The name's roots may be in Italy, in yet another Lodi that
is the capital of the eponymous province in Lombardy (northern
Italy). Its roots, turn, are Celtic, as the Celts settled
throughout Lombardy before the rise of Rome. Historically,
the Lodigiani were known as great engineers, harnessing and
channeling rivers, even creating artificial ones, to make
agriculture bloom in arid areas as early as the early 13th
century.
Lodi--Italy, that is--keeps popping up in history. It's where
Napoleon won one of his first battles on the River Adda, and
now you know why that street in the 6th arrondisement in Paris
is named the Rue du Pont de Lodi. It may also explain why
so many towns and villages in 19th-century America took the
name, as the Battle of Lodi seems to have sparked admiration
for the French emperor's valiant soldiers.
But historians argue over the source of the name, so we'll
leave the subject without further development. We're here
to talk about wine. And two of the towns that bear this distinguished
name are involved heavily in wine-making.

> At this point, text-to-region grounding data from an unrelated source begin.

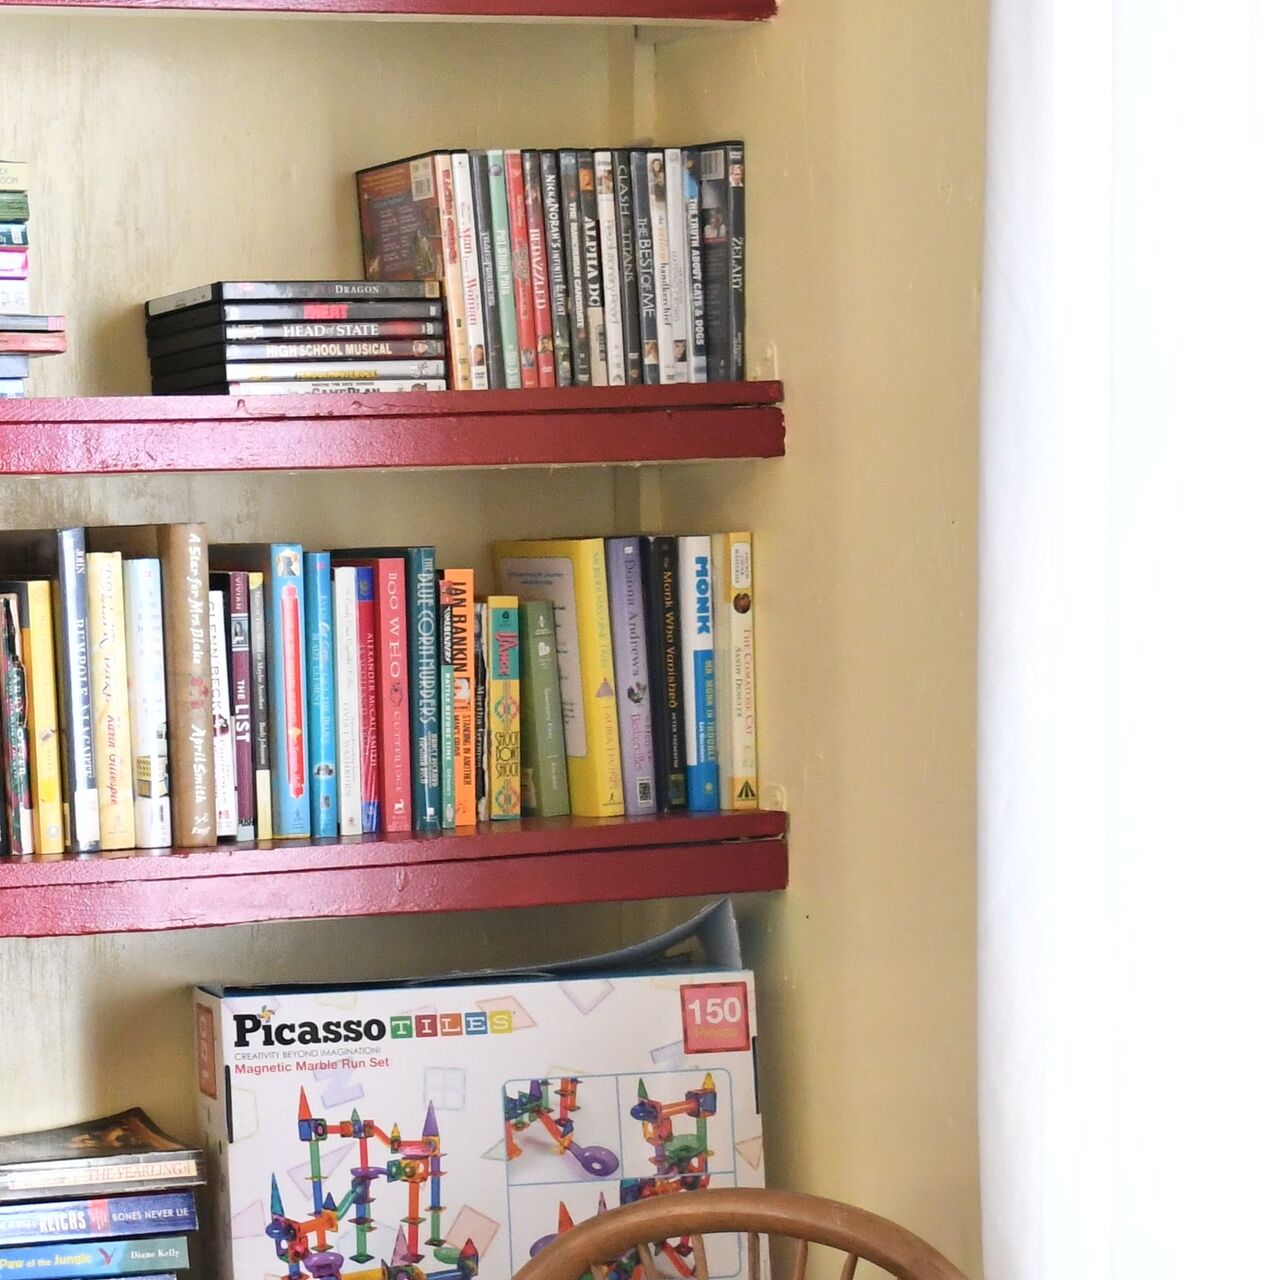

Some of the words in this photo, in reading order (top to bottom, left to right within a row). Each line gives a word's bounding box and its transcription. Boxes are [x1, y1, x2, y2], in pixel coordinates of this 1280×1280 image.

[638, 217, 648, 237] THE
[584, 216, 599, 279] ALPHA
[639, 240, 651, 273] BEST
[530, 229, 546, 309] BEDAZZLED
[335, 285, 379, 294] DRAGON
[642, 275, 651, 291] OF
[643, 293, 655, 317] ME
[283, 325, 325, 337] HEAD
[337, 324, 378, 336] STATE
[266, 345, 297, 357] HIGH
[299, 345, 343, 356] SCHOOL
[345, 343, 392, 355] MUSICAL
[423, 558, 432, 571] THE
[417, 572, 433, 607] BLUE
[452, 582, 466, 606] IAN
[695, 557, 710, 634] MONK
[418, 610, 434, 658] CORN
[453, 614, 468, 672] RANKIN
[237, 680, 245, 699] THE
[419, 660, 435, 723] MURDERS
[236, 705, 249, 742] LIST
[688, 997, 741, 1024] 150
[233, 1013, 386, 1047] Picasso
[391, 1011, 512, 1038] TILES
[235, 1062, 291, 1076] Magnetic
[296, 1060, 337, 1071] Marble
[343, 1059, 365, 1070] Run
[369, 1057, 389, 1068] Set
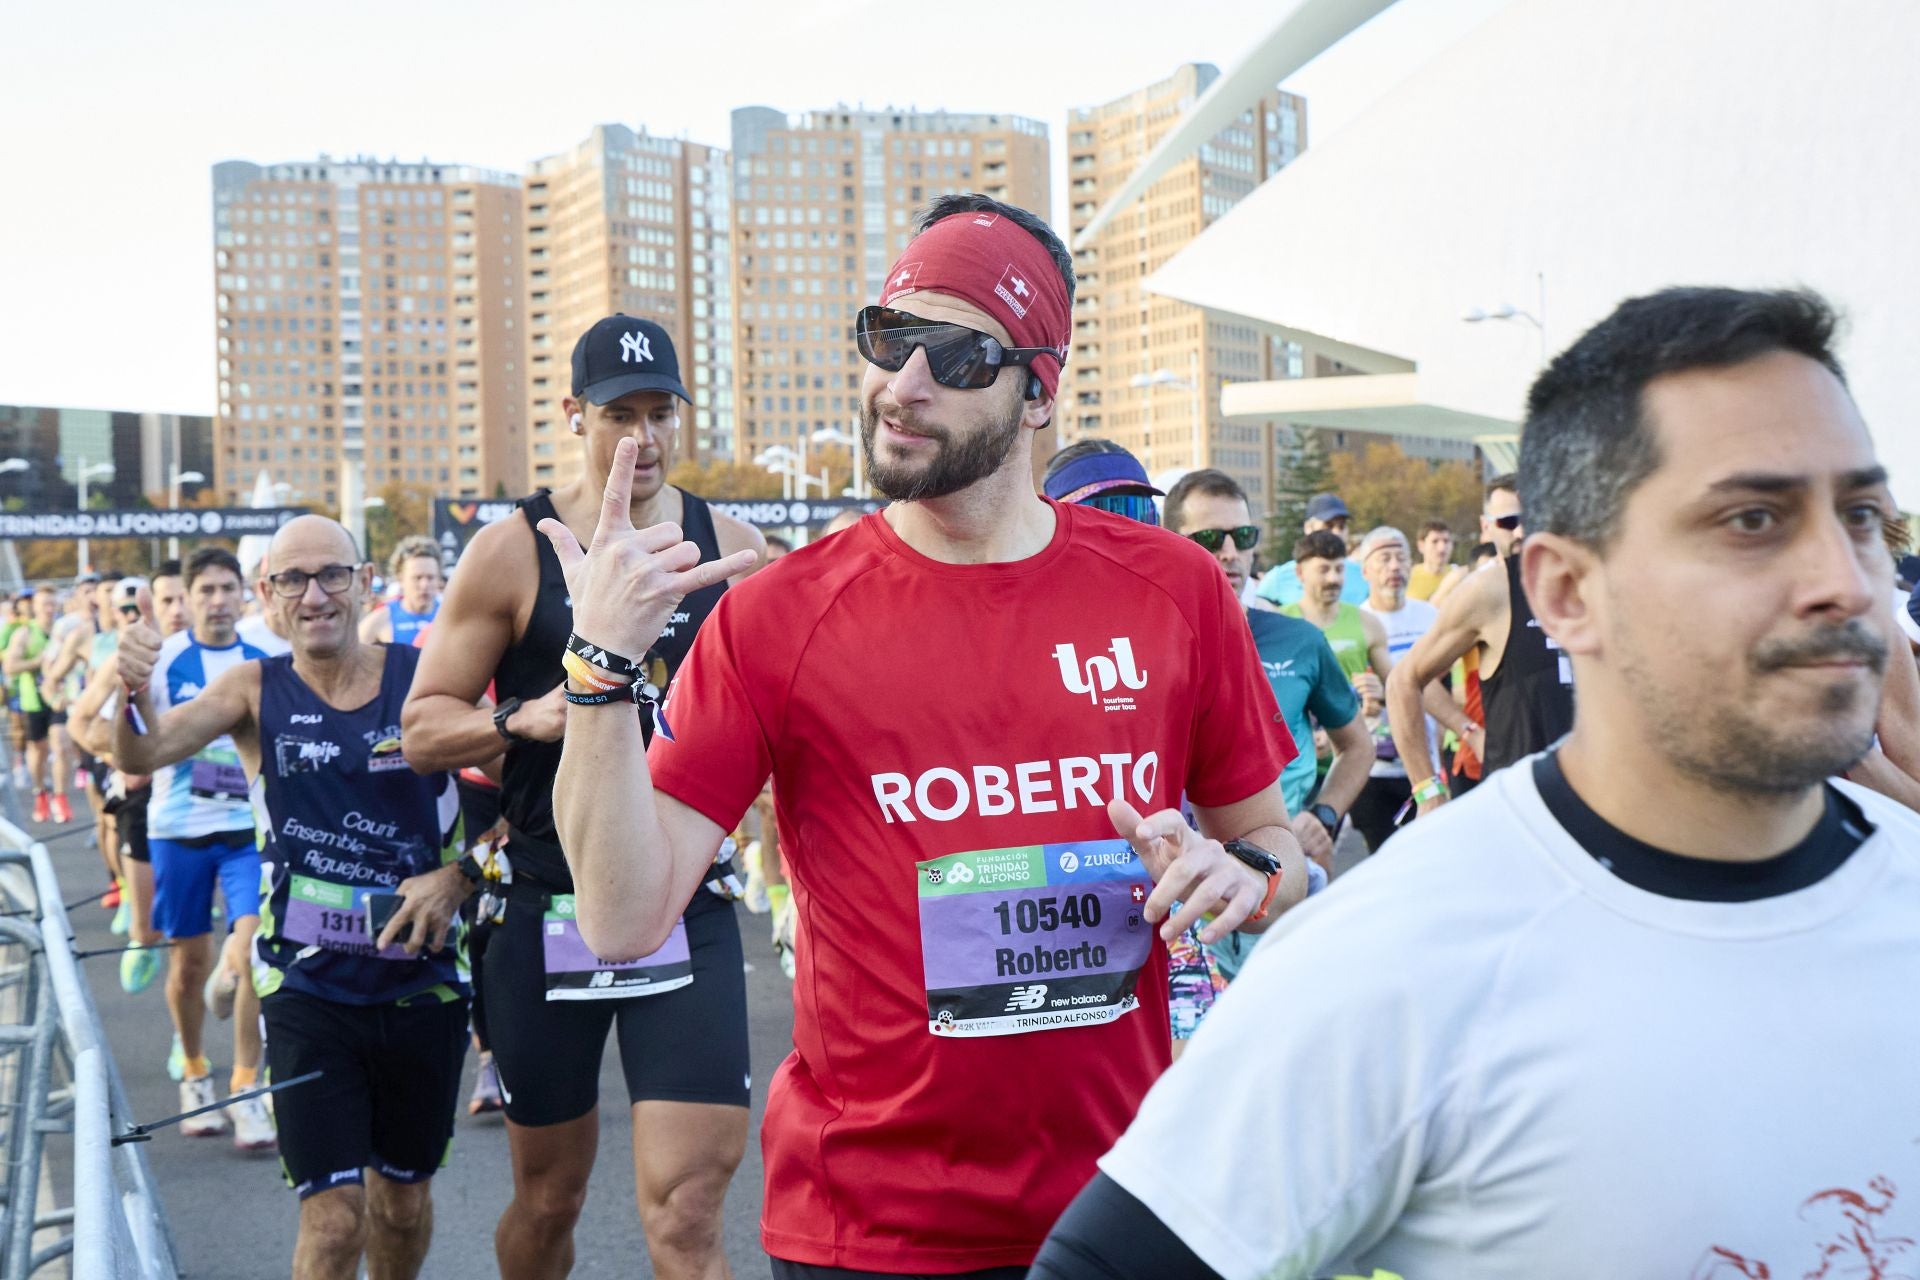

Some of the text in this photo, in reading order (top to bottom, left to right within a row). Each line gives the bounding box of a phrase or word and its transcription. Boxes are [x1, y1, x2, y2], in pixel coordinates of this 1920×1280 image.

[619, 331, 654, 362] NY
[714, 503, 788, 523] FONSO
[0, 513, 95, 536] TRINIDAD
[96, 512, 199, 535] ALFONSO
[1122, 703, 1136, 711] tous
[871, 751, 1158, 823] ROBERTO
[342, 811, 400, 838] Courir
[282, 817, 367, 855] Ensemble
[976, 853, 1028, 863] FUNDACIÓN
[976, 861, 1029, 874] TRINIDAD
[1084, 852, 1131, 867] ZURICH
[978, 871, 1030, 884] ALFONSO
[320, 911, 366, 934] 1311
[993, 893, 1101, 935] 10540
[1128, 915, 1139, 927] 06
[995, 941, 1107, 977] Roberto
[1050, 997, 1071, 1008] new
[1071, 993, 1108, 1005] balance
[1016, 1015, 1061, 1028] TRINIDAD
[1063, 1010, 1107, 1024] ALFONSO

Lodi, NY, is in the heart of the Finger Lakes, home to 80
wineries producing a wide range of cool and semi-warm climate
wines. Specializing in red wines, Shalestone really impressed
me when I tasted a line-up ranging from Merlot to Cabernet
Sauvignon and Cabernet Franc several years ago. The winery
also produces--but I have not tasted--a Pinot Noir and a red
blend that includes some French-American hybrid grapes. Lamoreaux
Landing has won gold medals at wine competitions in Atlanta,
notably for its Chardonnay. Its 2004 dry Riesling and Gewurztraminer
already are sold out. And it does a range of red wines, also
award winners.
Now to the west coast wine-growing Lodi. This Lodi is a town
of more than 60,000 in San Joaquin County, and is the Lodi
that Robert Mondavi made famous with its Woodbridge Winery.
Trouble is, a lot of what came out of that effort is, well,
undistinguished, excepting perhaps the port and the single-vineyard
wines. Yet its growers supplied the fruit for many California
vintners, among them E. & J Gallo, Sutter Home, Fetzer,
Ravenswood and Beringer, to name a few. But that's not the
end of the story. In fact, it's barely the beginning.
I confess to having had a modest impression of Lodi wines.
Years ago, I was en route to Paso Robles for its Zinfandel
festival. Having flown to Sacramento, I grabbed a car and
headed south, planning a stop in Lodi just to see what was
going on. Lodi is an appellation that received federal approval
only in 1986, allowing vintners to begin labeling their wines
"Lodi."
Figuring that there wasn't much to see, I had decided to give
the visit a day's attention. As soon as I saw those great
old head-pruned vines on the left while driving into town
for my 9 a.m. appointment with Mark Chandler, executive director
of the Lodi-Woodbridge Winegrape Commission, I said to myself:
Big mistake!!! I knew those old gnarled thick vines meant
there was history and good wine here. Historically, Lodi has
grown grapes since the 1850s. So, there was so much more here
than a day could possibly reveal. But with his great organizing
skills, Chandler saw to it that I got quite an eye full.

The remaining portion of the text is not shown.